- [EXTRACTED INFORMATION]:
• • •

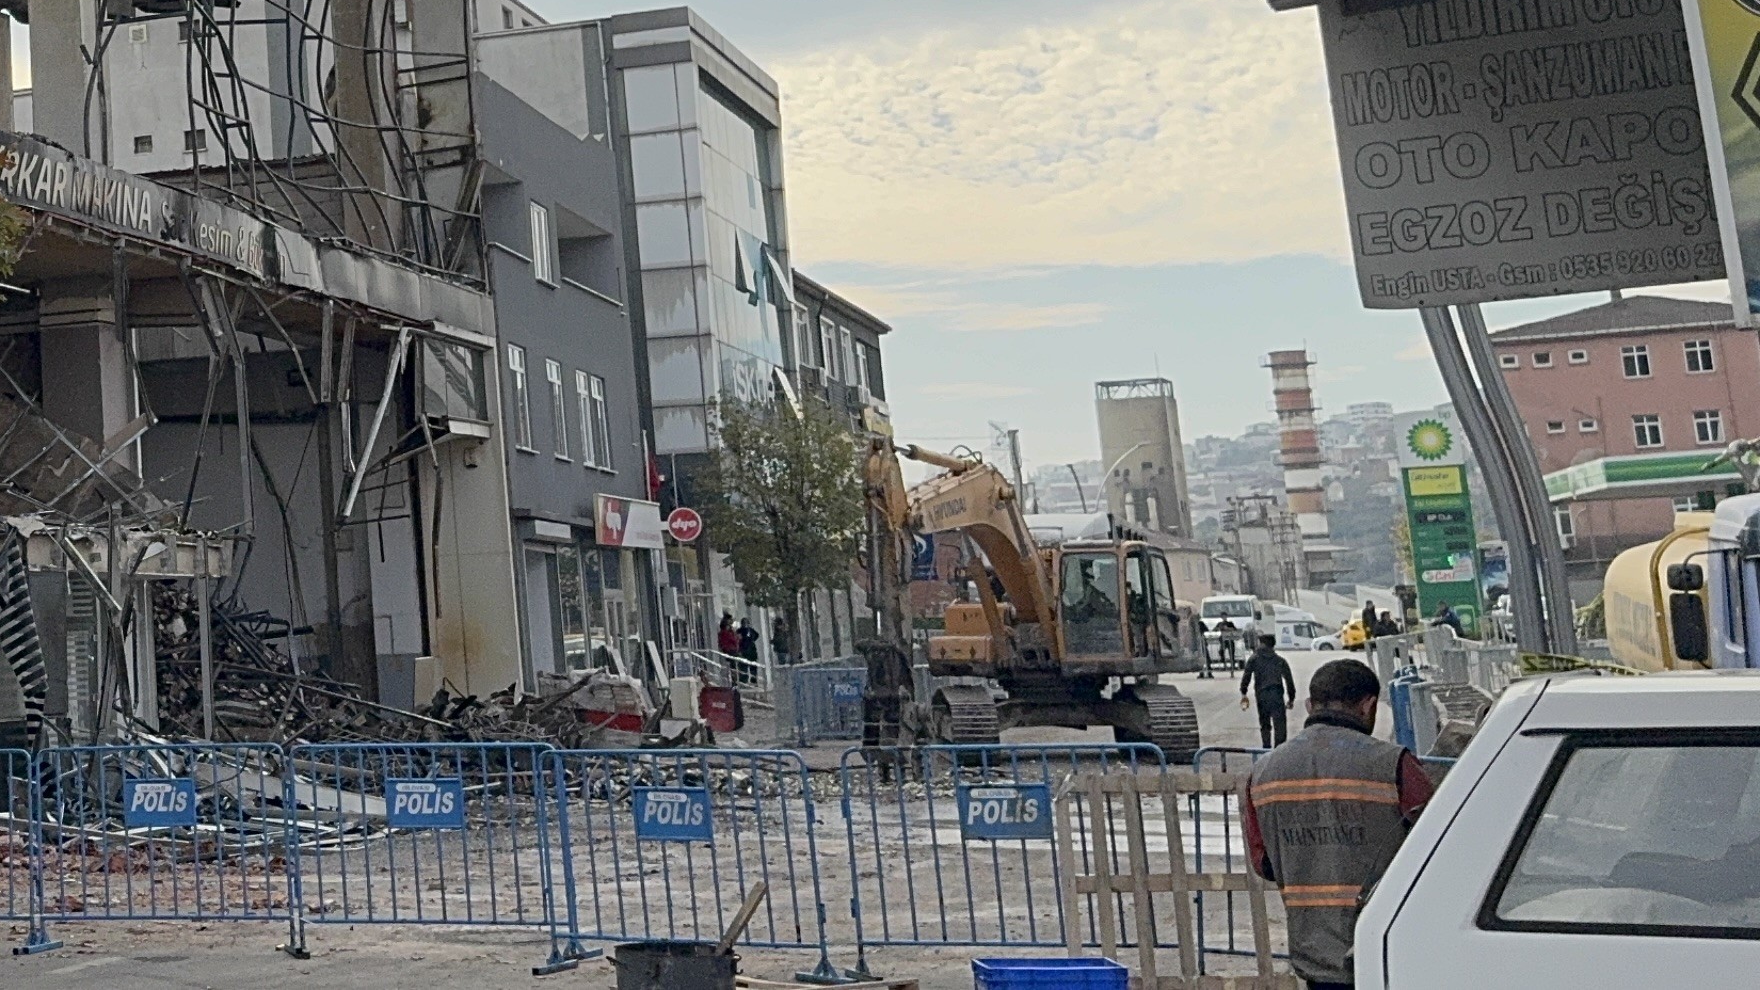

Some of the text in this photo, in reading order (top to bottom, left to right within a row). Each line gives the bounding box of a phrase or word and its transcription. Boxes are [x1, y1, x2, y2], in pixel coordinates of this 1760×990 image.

[1340, 60, 1459, 126] MOTOR
[1479, 31, 1671, 123] ŞANZUMAN
[1355, 130, 1491, 189] OTO
[1356, 196, 1533, 257] EGZOZ
[1371, 271, 1429, 300] Engin
[1431, 265, 1486, 294] USTA
[1560, 251, 1614, 281] 0535
[1661, 244, 1691, 271] 60
[131, 786, 188, 812] POLİS
[394, 787, 454, 815] POLİS
[643, 798, 704, 825] POLİS
[967, 793, 1039, 825] POLİS
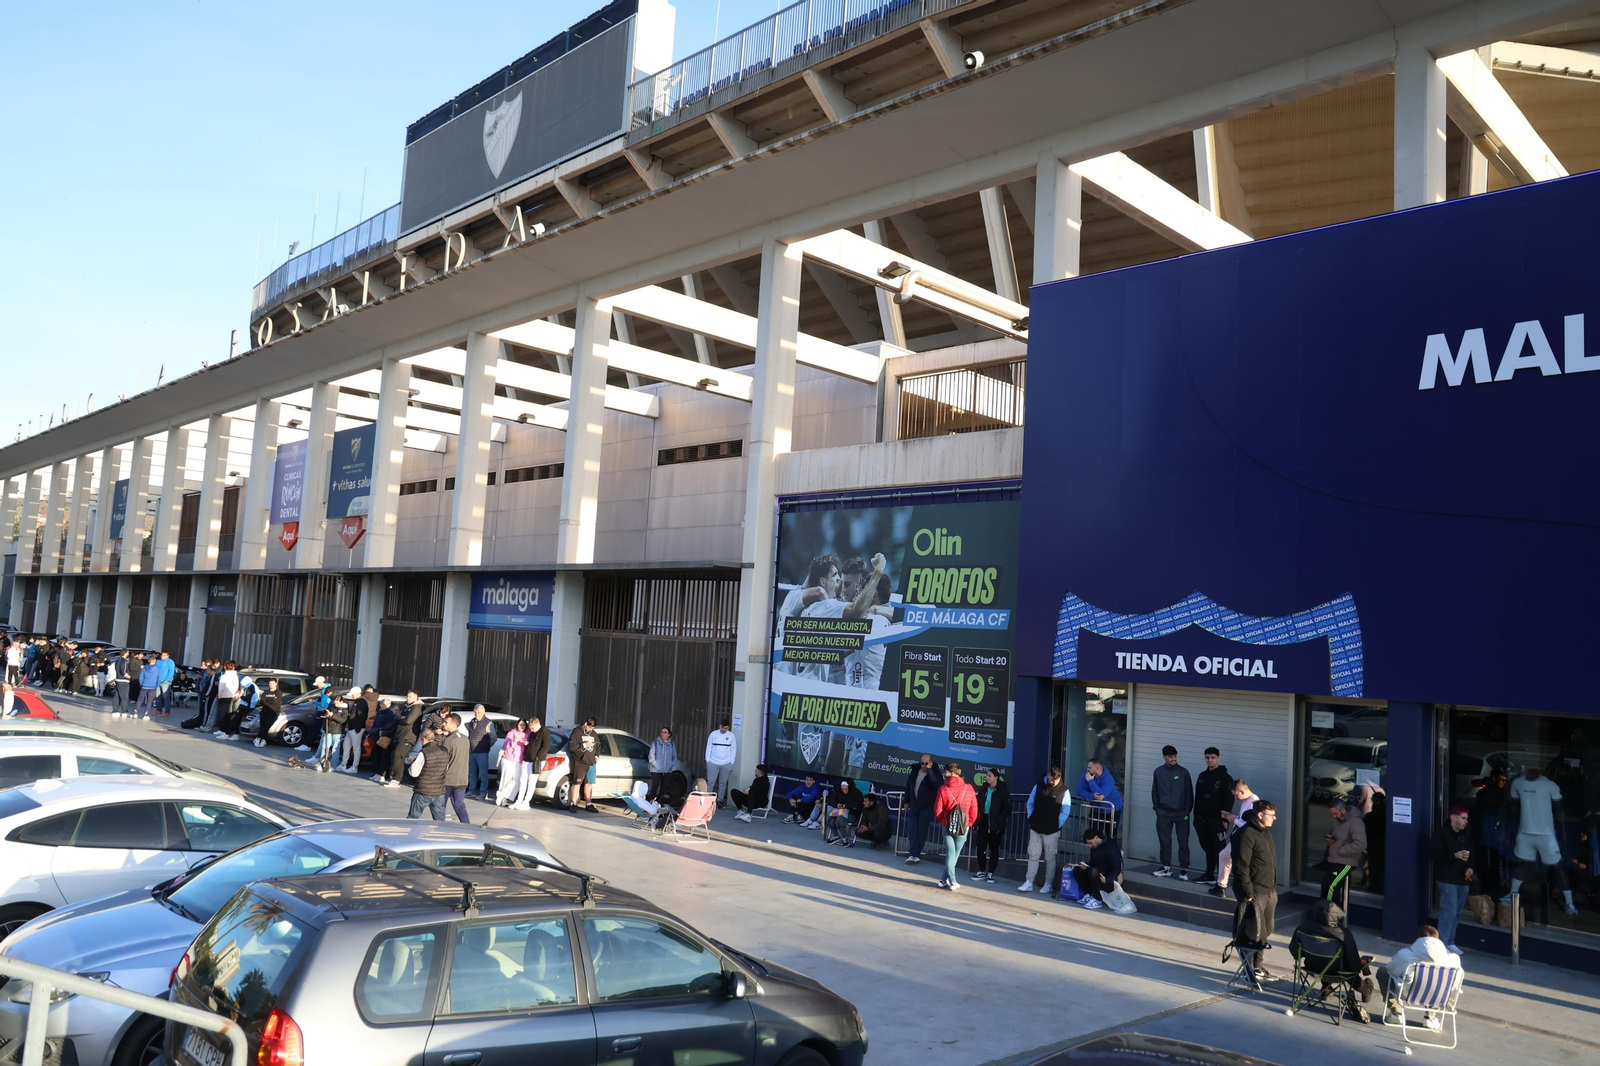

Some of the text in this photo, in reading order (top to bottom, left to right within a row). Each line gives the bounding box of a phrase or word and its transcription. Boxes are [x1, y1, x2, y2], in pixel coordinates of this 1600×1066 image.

[1418, 313, 1600, 390] MAL
[338, 478, 356, 491] vithas
[280, 506, 298, 518] DENTAL
[342, 524, 358, 538] Aquí
[913, 528, 962, 556] Olin
[906, 567, 998, 604] FOROFOS
[1171, 601, 1187, 609] OFICIAL
[906, 609, 1007, 626] DEL MÁLAGA CF
[1070, 612, 1086, 620] MALAGA
[1174, 611, 1190, 620] OFICIAL
[1191, 605, 1210, 614] MALAGA
[1222, 614, 1238, 622] TIENDA
[786, 620, 871, 633] POR SER MALAGUISTA,
[1131, 619, 1149, 627] MALAGA
[1225, 618, 1260, 632] TIENDA OFICIAL
[1295, 619, 1313, 628] TIENDA
[1314, 613, 1333, 622] OFICIAL
[1133, 629, 1151, 638] MALAGA
[1246, 629, 1264, 638] OFICIAL
[1264, 622, 1286, 632] MALAGA
[1298, 624, 1337, 639] TIENDA OFICIAL
[786, 635, 860, 647] TE DAMOS NUESTRA
[1268, 633, 1289, 643] MALAGA
[784, 650, 840, 662] MEJOR OFERTA
[904, 651, 942, 662] Fibra Start
[955, 654, 1007, 665] Todo Start 20
[1116, 652, 1278, 678] TIENDA OFICIAL
[901, 669, 939, 699] 15 €
[954, 673, 994, 704] 19 €
[1335, 681, 1354, 691] OFICIAL
[800, 697, 824, 722] POR
[824, 698, 881, 729] USTEDES!
[900, 709, 926, 719] 300Mb
[955, 715, 983, 726] 300Mb
[954, 730, 976, 741] 20GB

• • •

Copy exactly the lines from the one containing "this 1600×1066 image." through the last line of the records, both included, and nothing else.

- [SOLUTION]:
Some of the text in this photo, in reading order (top to bottom, left to right within a row). Each line gives the bounding box of a phrase or word and its transcription. Boxes are [x1, y1, x2, y2], in pixel coordinates of this 1600×1066 image.

[1418, 313, 1600, 390] MAL
[338, 478, 356, 491] vithas
[280, 506, 298, 518] DENTAL
[342, 524, 358, 538] Aquí
[913, 528, 962, 556] Olin
[906, 567, 998, 604] FOROFOS
[1171, 601, 1187, 609] OFICIAL
[906, 609, 1007, 626] DEL MÁLAGA CF
[1070, 612, 1086, 620] MALAGA
[1174, 611, 1190, 620] OFICIAL
[1191, 605, 1210, 614] MALAGA
[1222, 614, 1238, 622] TIENDA
[786, 620, 871, 633] POR SER MALAGUISTA,
[1131, 619, 1149, 627] MALAGA
[1225, 618, 1260, 632] TIENDA OFICIAL
[1295, 619, 1313, 628] TIENDA
[1314, 613, 1333, 622] OFICIAL
[1133, 629, 1151, 638] MALAGA
[1246, 629, 1264, 638] OFICIAL
[1264, 622, 1286, 632] MALAGA
[1298, 624, 1337, 639] TIENDA OFICIAL
[786, 635, 860, 647] TE DAMOS NUESTRA
[1268, 633, 1289, 643] MALAGA
[784, 650, 840, 662] MEJOR OFERTA
[904, 651, 942, 662] Fibra Start
[955, 654, 1007, 665] Todo Start 20
[1116, 652, 1278, 678] TIENDA OFICIAL
[901, 669, 939, 699] 15 €
[954, 673, 994, 704] 19 €
[1335, 681, 1354, 691] OFICIAL
[800, 697, 824, 722] POR
[824, 698, 881, 729] USTEDES!
[900, 709, 926, 719] 300Mb
[955, 715, 983, 726] 300Mb
[954, 730, 976, 741] 20GB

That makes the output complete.